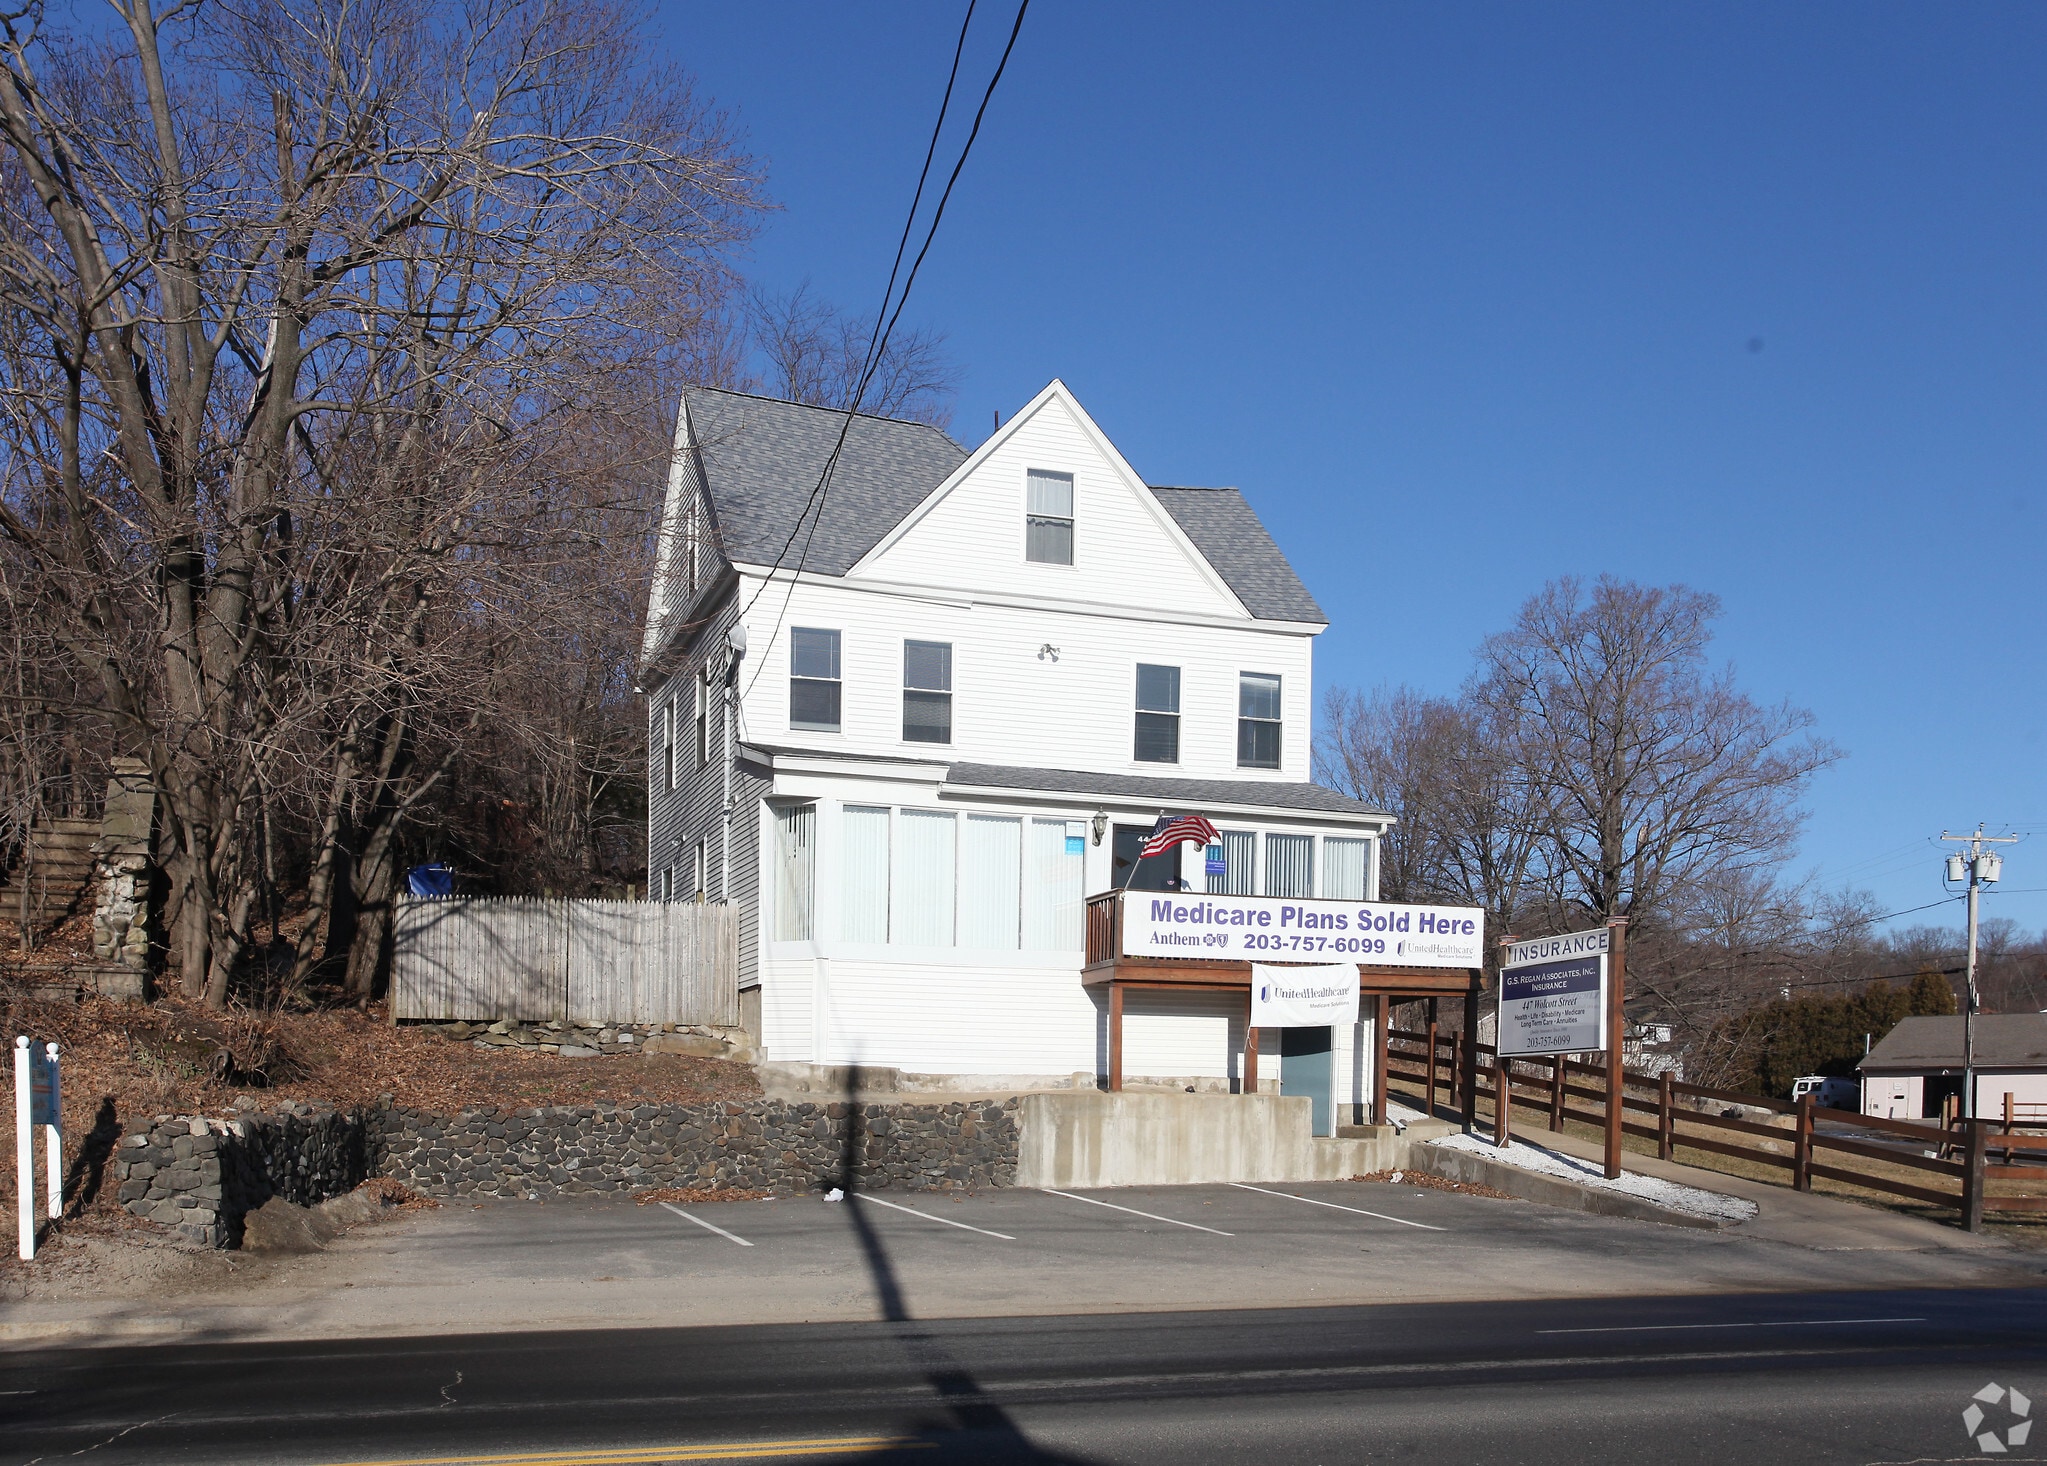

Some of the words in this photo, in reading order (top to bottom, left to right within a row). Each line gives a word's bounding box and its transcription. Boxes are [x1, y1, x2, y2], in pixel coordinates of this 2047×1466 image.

[1151, 900, 1271, 926] Medicare
[1281, 906, 1348, 930] Plans
[1357, 909, 1410, 932] Sold
[1419, 912, 1475, 935] Here
[1149, 931, 1200, 946] Anthem
[1243, 933, 1385, 953] 203-757-6099
[1408, 942, 1474, 955] UnitedHealthcare
[1513, 933, 1608, 962] INSURANCE
[1506, 976, 1519, 986] G.S.
[1274, 987, 1350, 999] UnitedHealthcare
[1522, 1000, 1534, 1010] 447
[1534, 998, 1558, 1009] Wolcott
[1558, 997, 1578, 1008] Street
[1514, 1013, 1528, 1021] Health
[1541, 1010, 1561, 1019] Disability
[1564, 1008, 1585, 1016] Medicare
[1520, 1020, 1532, 1028] Long
[1526, 1035, 1571, 1048] 203-757-6099
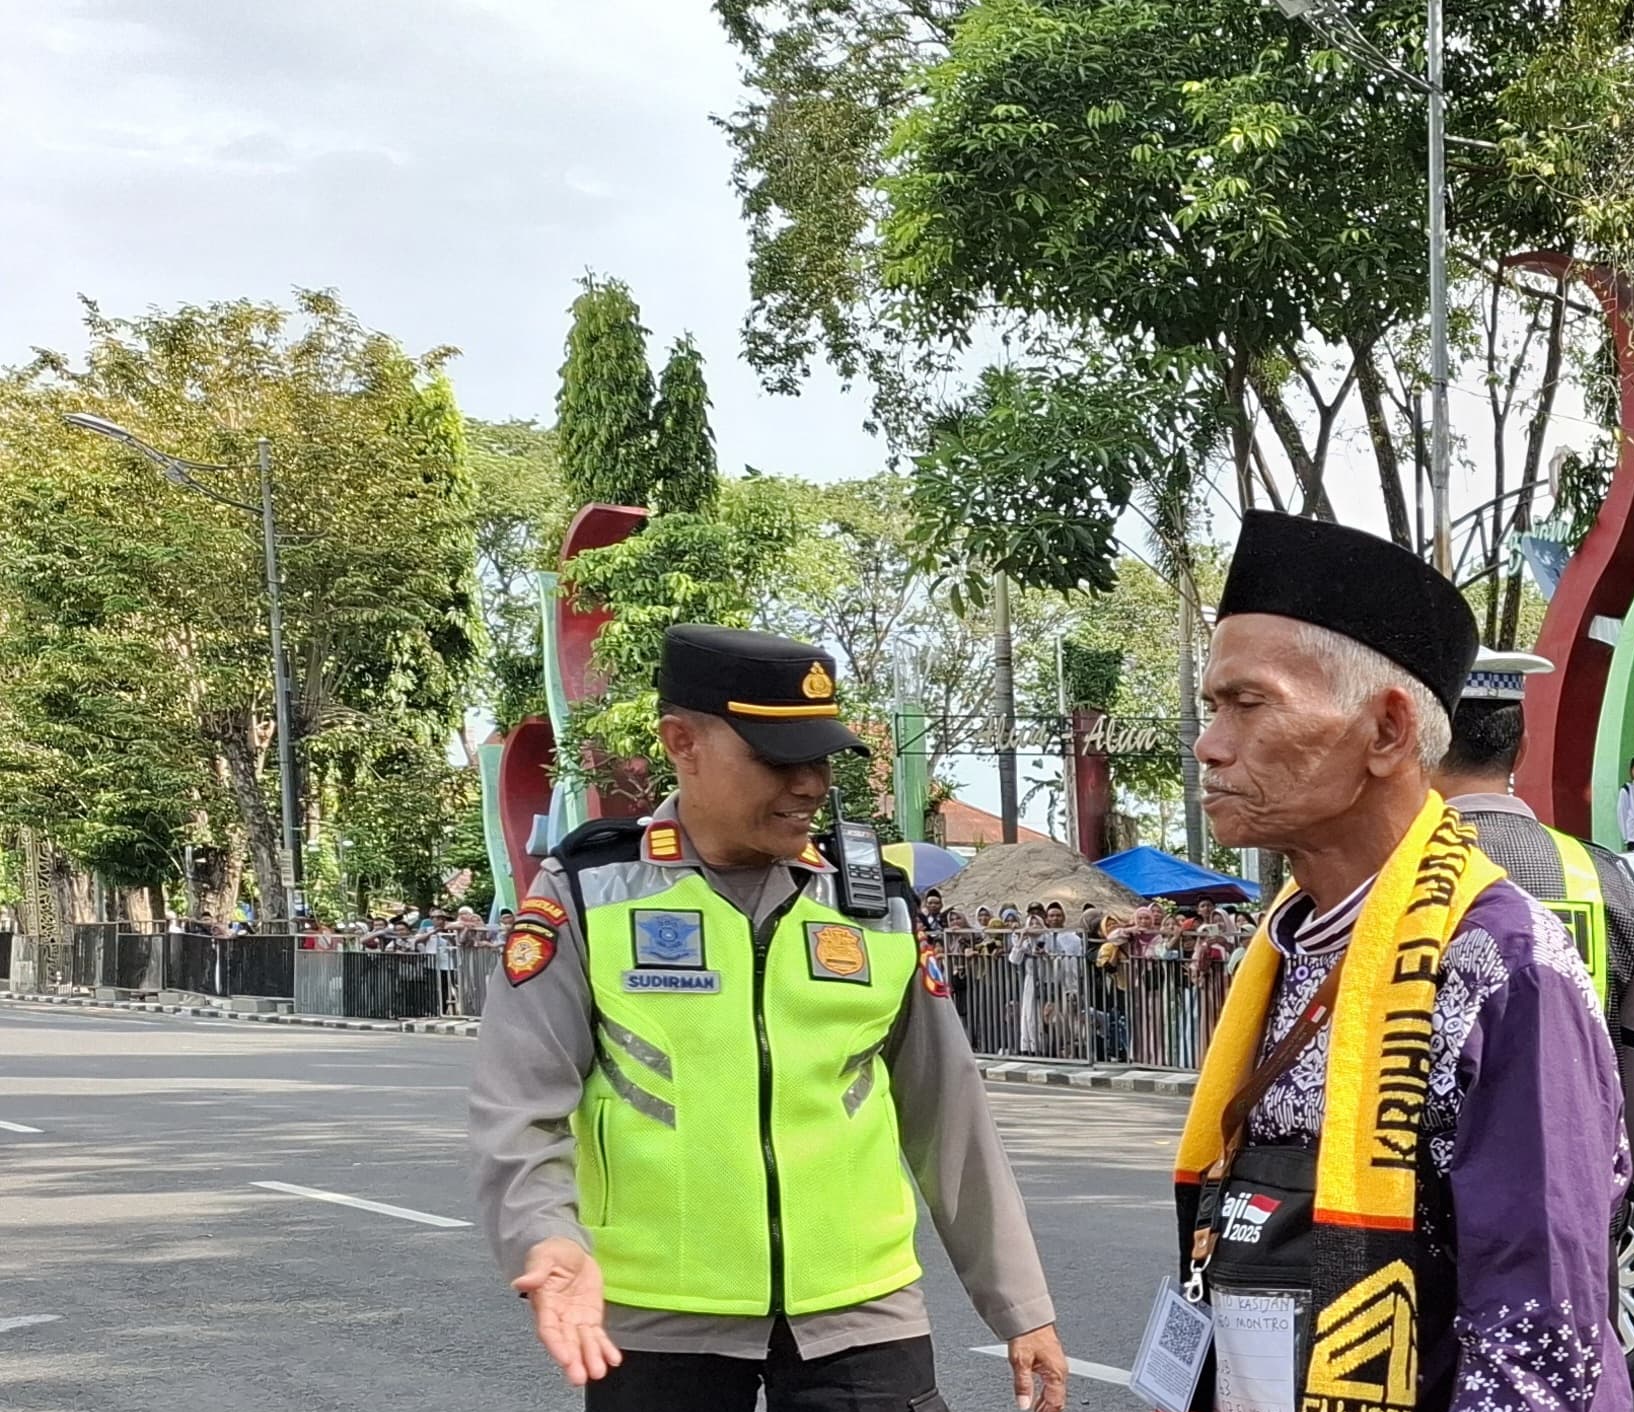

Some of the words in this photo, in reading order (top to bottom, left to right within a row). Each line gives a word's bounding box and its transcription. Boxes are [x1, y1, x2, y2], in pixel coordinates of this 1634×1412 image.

----------------

**Task statement:** Restate the records above exactly, less any pictures.

**Written solution:**
Some of the words in this photo, in reading order (top to bottom, left to right within a row). Each line gives a word's bounding box and its transcription. Boxes are [x1, y1, x2, y2], in pixel coordinates of this 2047×1466 image.

[1151, 900, 1271, 926] Medicare
[1281, 906, 1348, 930] Plans
[1357, 909, 1410, 932] Sold
[1419, 912, 1475, 935] Here
[1149, 931, 1200, 946] Anthem
[1243, 933, 1385, 953] 203-757-6099
[1408, 942, 1474, 955] UnitedHealthcare
[1513, 933, 1608, 962] INSURANCE
[1506, 976, 1519, 986] G.S.
[1274, 987, 1350, 999] UnitedHealthcare
[1522, 1000, 1534, 1010] 447
[1534, 998, 1558, 1009] Wolcott
[1558, 997, 1578, 1008] Street
[1514, 1013, 1528, 1021] Health
[1541, 1010, 1561, 1019] Disability
[1564, 1008, 1585, 1016] Medicare
[1520, 1020, 1532, 1028] Long
[1526, 1035, 1571, 1048] 203-757-6099

Some of the words in this photo, in reading order (top to bottom, left to right within a row). Each line gives a word's bounding box and its transcription. Boxes are [x1, y1, x2, y2], in pixel coordinates of this 1634×1412 image.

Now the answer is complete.